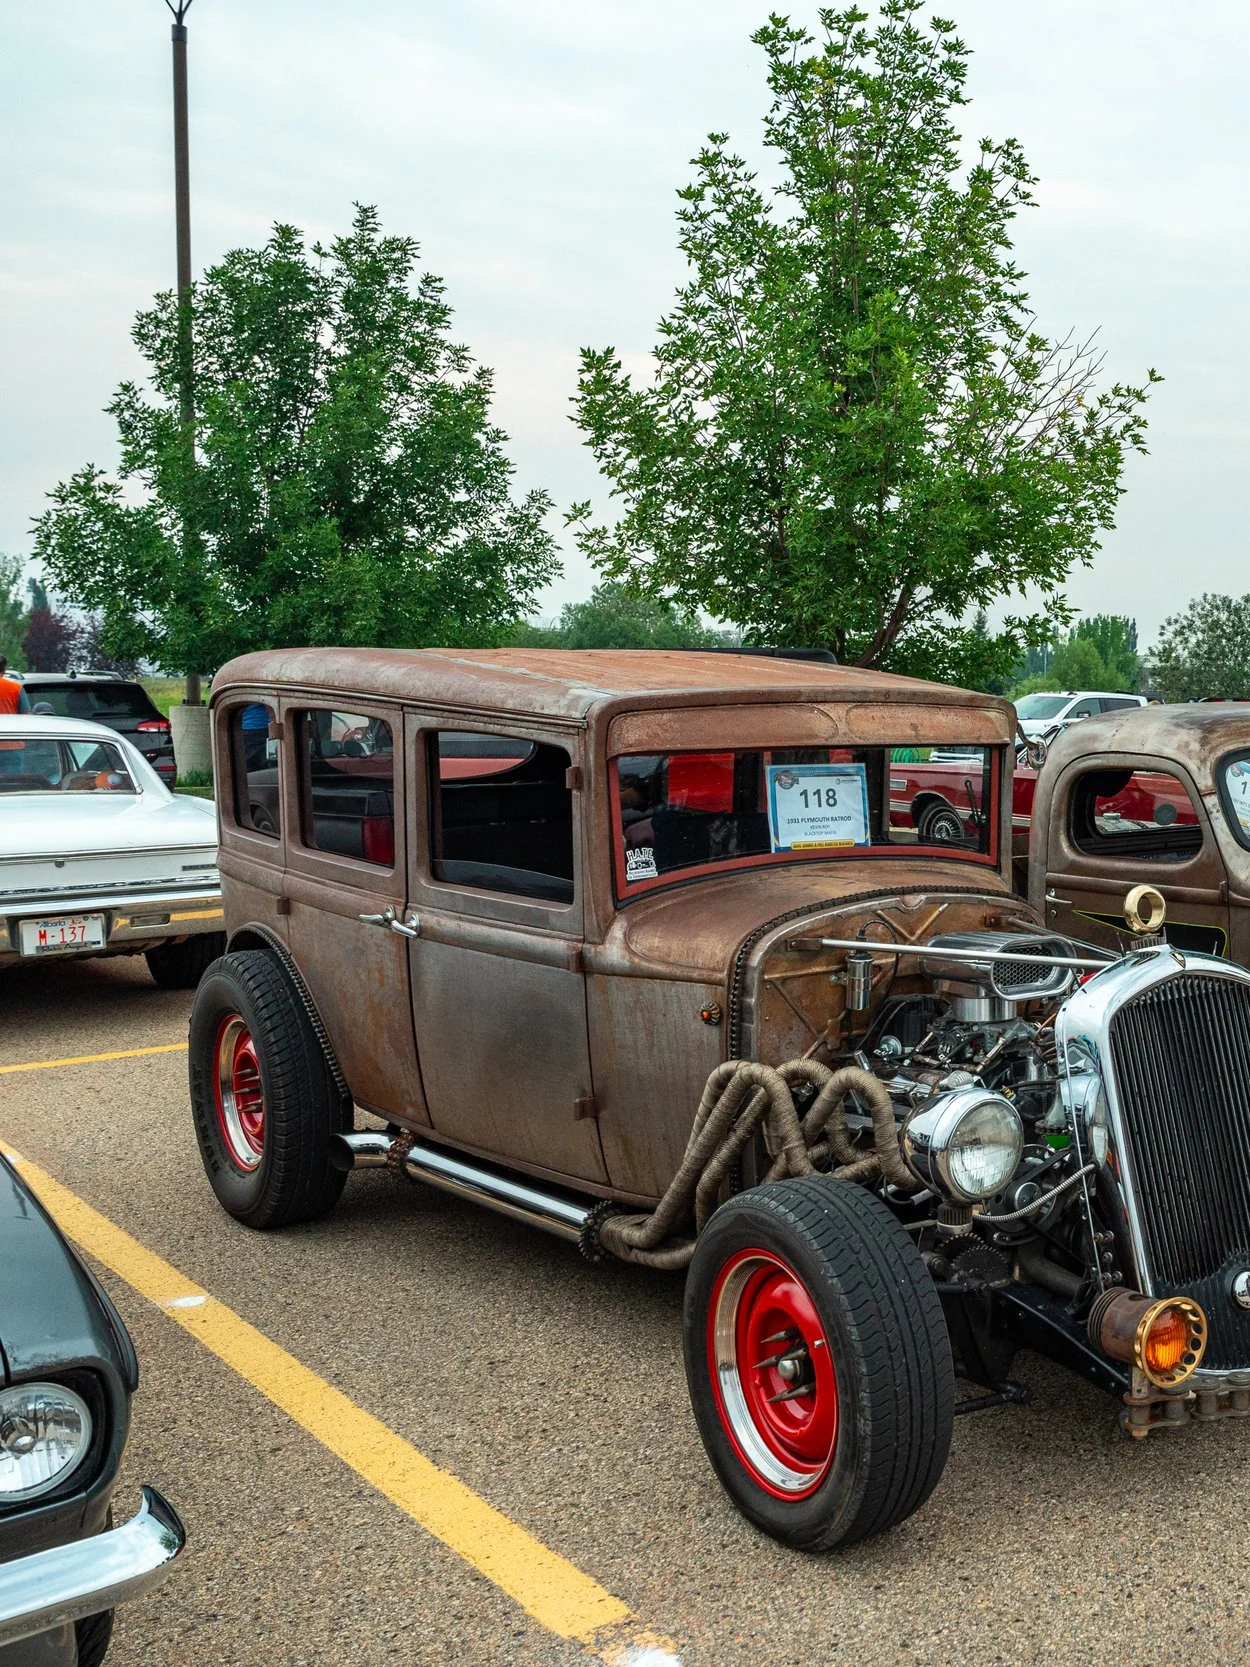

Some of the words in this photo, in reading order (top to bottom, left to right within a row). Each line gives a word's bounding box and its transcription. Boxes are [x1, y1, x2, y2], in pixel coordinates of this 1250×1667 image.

[799, 788, 838, 809] 118
[626, 848, 654, 861] HATE
[39, 926, 86, 945] M-137
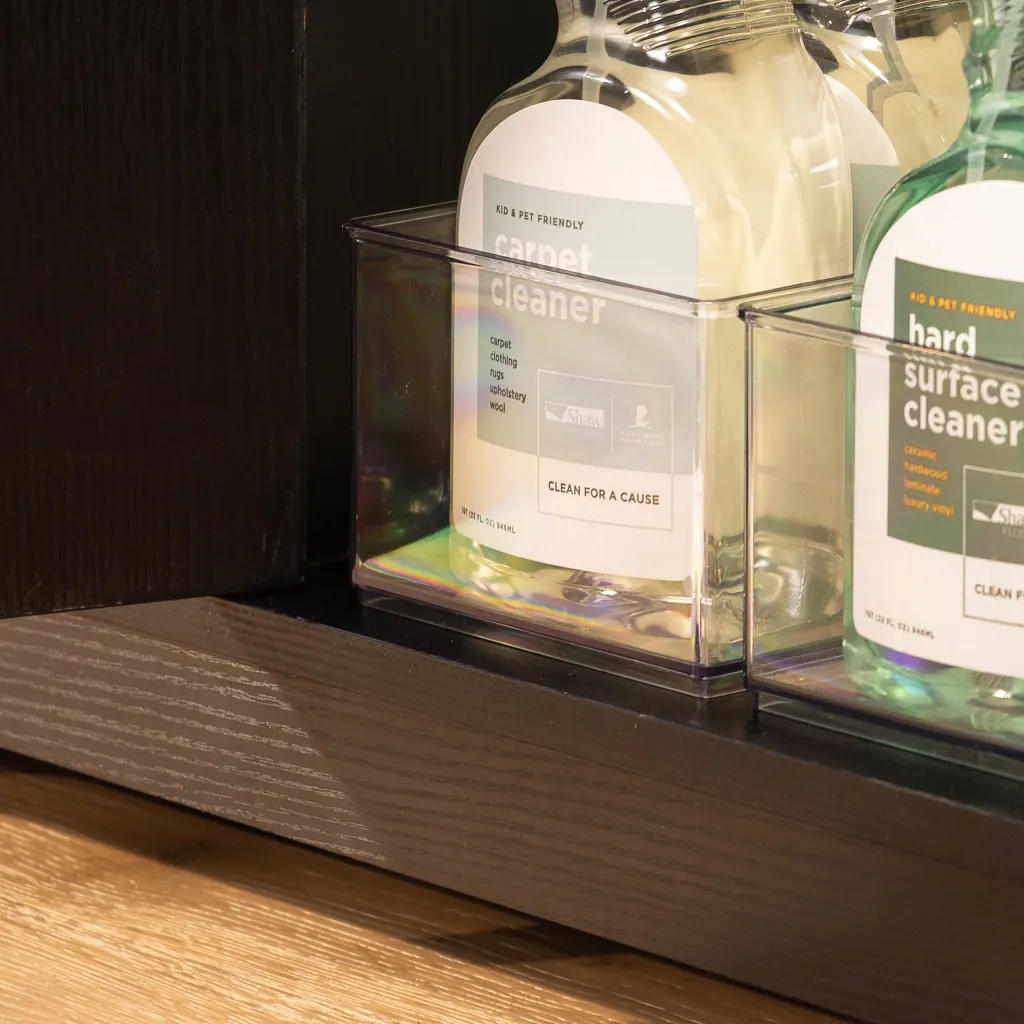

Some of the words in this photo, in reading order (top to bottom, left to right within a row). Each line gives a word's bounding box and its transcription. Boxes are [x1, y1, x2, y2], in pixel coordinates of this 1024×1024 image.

[496, 204, 508, 215] KID
[511, 208, 516, 217] &
[519, 210, 534, 222] PET
[538, 214, 584, 230] FRIENDLY
[495, 233, 595, 275] carpet
[490, 276, 606, 324] cleaner
[910, 291, 926, 304] KID
[938, 297, 957, 311] PET
[961, 301, 1016, 321] FRIENDLY
[490, 336, 512, 349] carpet
[909, 313, 976, 357] hard
[490, 351, 518, 369] clothing
[490, 368, 504, 380] rugs
[904, 360, 1021, 408] surface
[490, 384, 526, 404] upholstery
[490, 401, 505, 412] wool
[903, 396, 1024, 446] cleaner
[904, 444, 938, 462] ceramic
[904, 460, 948, 481] hardwood
[548, 480, 580, 496] CLEAN
[584, 487, 606, 500] FOR
[609, 491, 616, 501] A
[621, 492, 660, 505] CAUSE
[904, 477, 940, 496] laminate
[904, 493, 929, 513] luxury
[932, 503, 954, 518] vinyl
[974, 583, 1012, 600] CLEAN
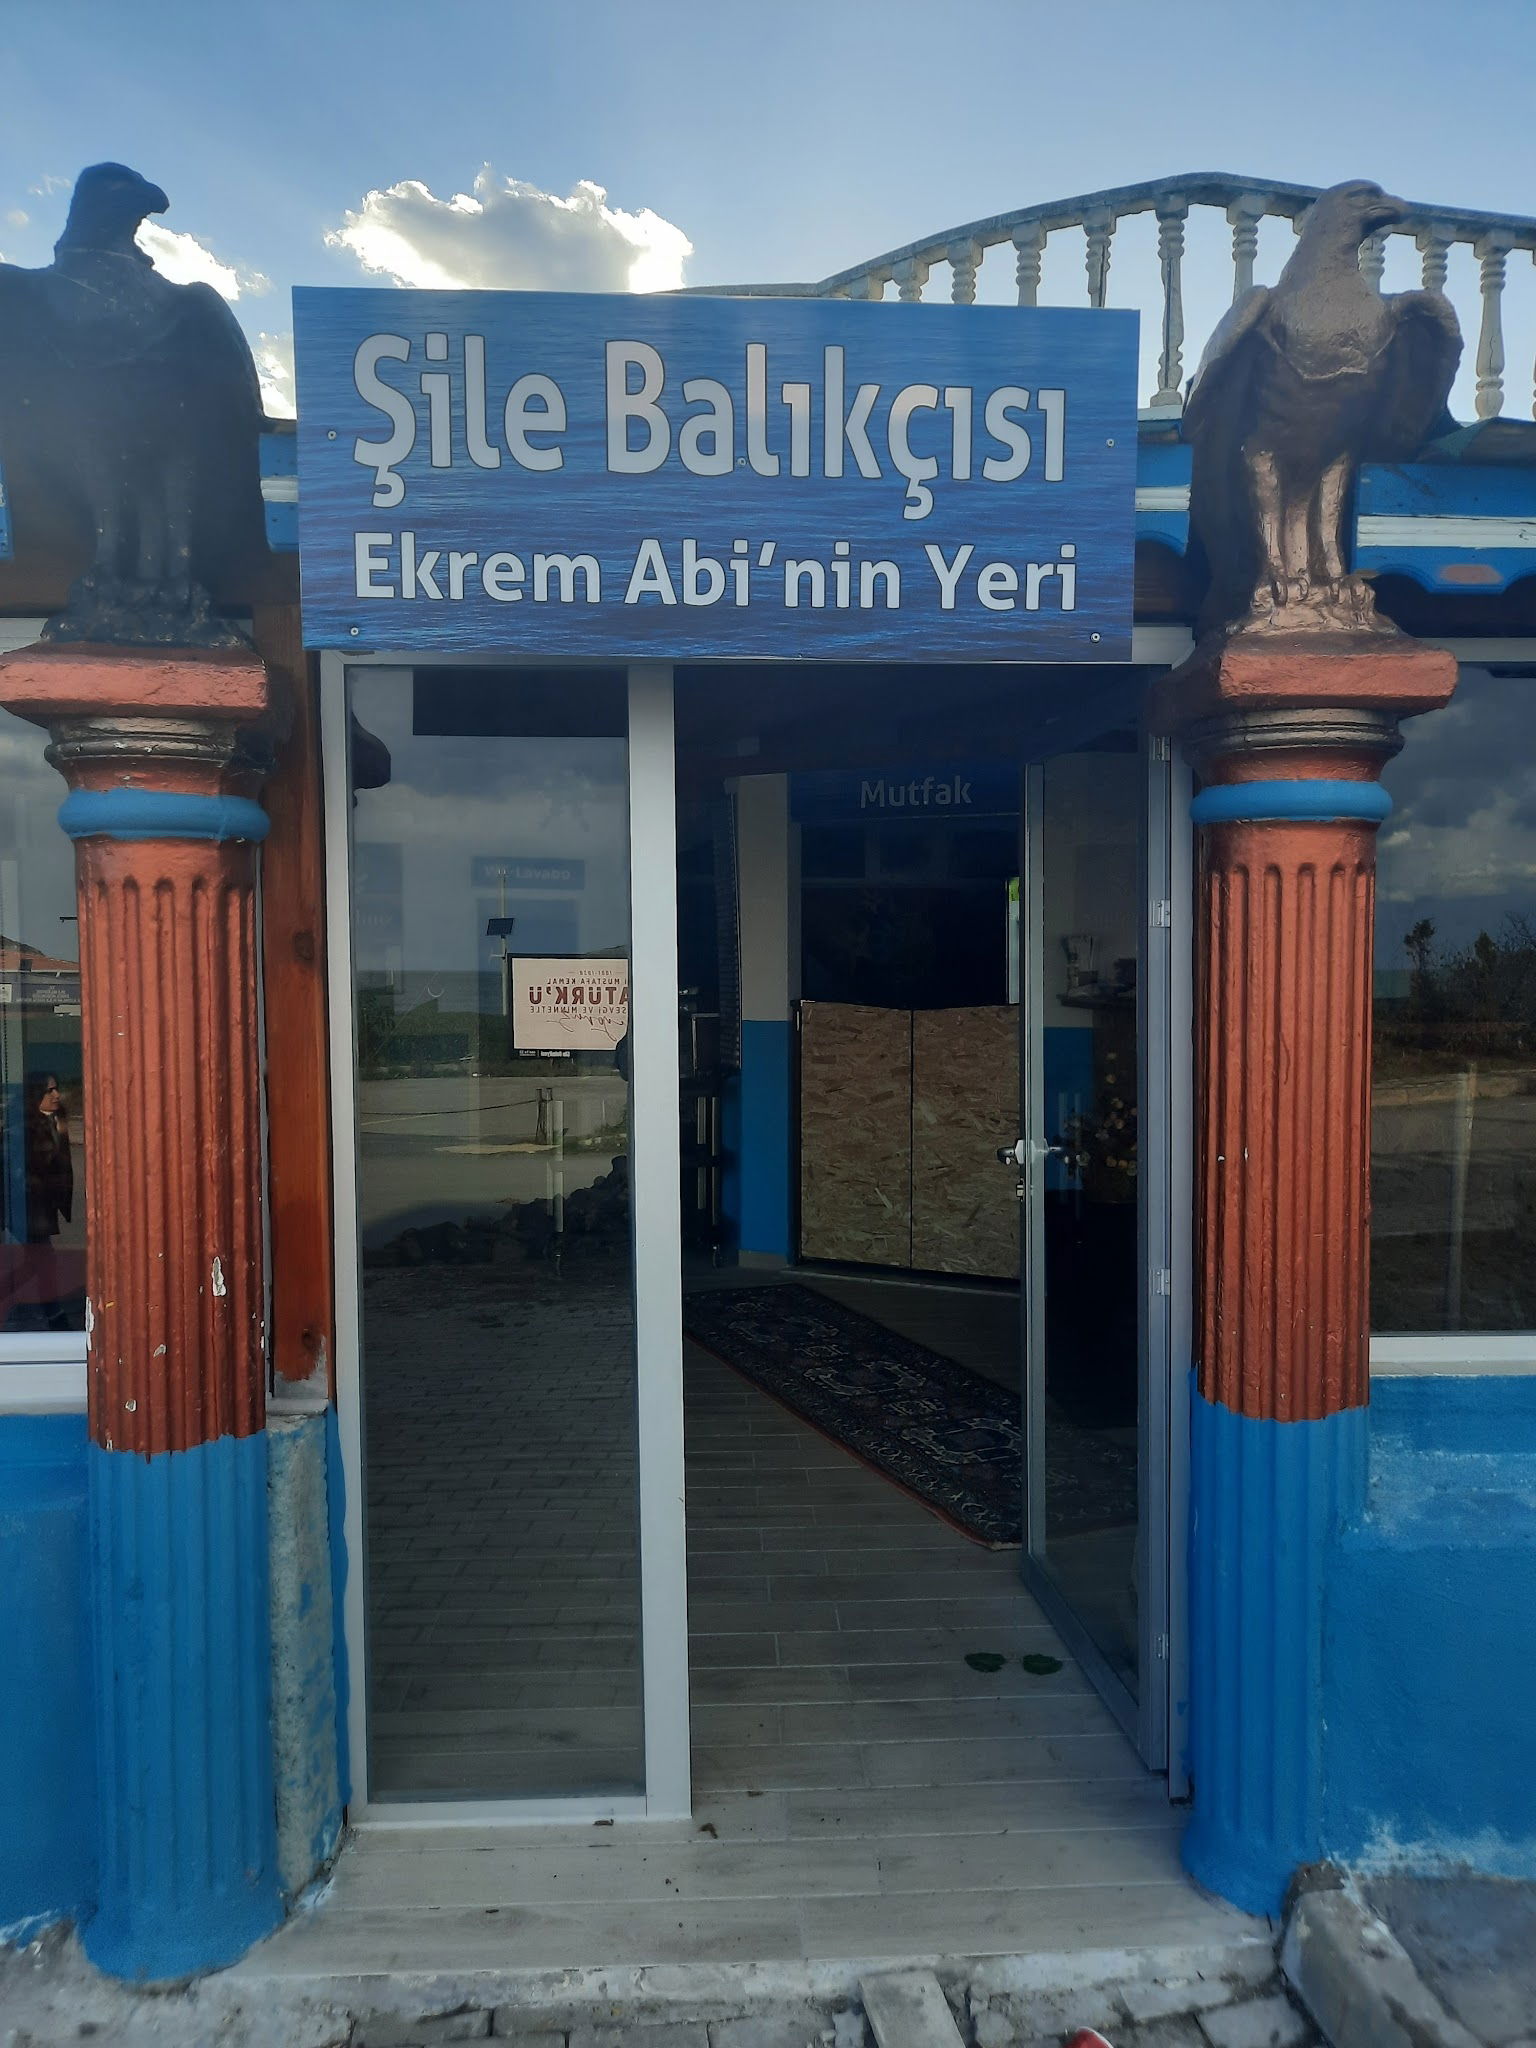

▶ **Directions**: Although the records contain pictures, transcribe only their text, exactly as written.

▶ **Result below**:
Some of the words in this photo, in reading order (top to bottom, left to right within a row). Each line gives a word's bounding box and its transcription. Boxes are [x1, y1, x2, y2], in pixel coordinates of this 1250×1667 image.

[799, 788, 838, 809] 118
[626, 848, 654, 861] HATE
[39, 926, 86, 945] M-137

Some of the words in this photo, in reading order (top to bottom, left to right within a row). Each line gives a word's bounding box and its transcription. Boxes are [x1, y1, x2, y2], in pixel coordinates of this 1024×1024 image.

[496, 204, 508, 215] KID
[511, 208, 516, 217] &
[519, 210, 534, 222] PET
[538, 214, 584, 230] FRIENDLY
[495, 233, 595, 275] carpet
[490, 276, 606, 324] cleaner
[910, 291, 926, 304] KID
[938, 297, 957, 311] PET
[961, 301, 1016, 321] FRIENDLY
[490, 336, 512, 349] carpet
[909, 313, 976, 357] hard
[490, 351, 518, 369] clothing
[490, 368, 504, 380] rugs
[904, 360, 1021, 408] surface
[490, 384, 526, 404] upholstery
[490, 401, 505, 412] wool
[903, 396, 1024, 446] cleaner
[904, 444, 938, 462] ceramic
[904, 460, 948, 481] hardwood
[548, 480, 580, 496] CLEAN
[584, 487, 606, 500] FOR
[609, 491, 616, 501] A
[621, 492, 660, 505] CAUSE
[904, 477, 940, 496] laminate
[904, 493, 929, 513] luxury
[932, 503, 954, 518] vinyl
[974, 583, 1012, 600] CLEAN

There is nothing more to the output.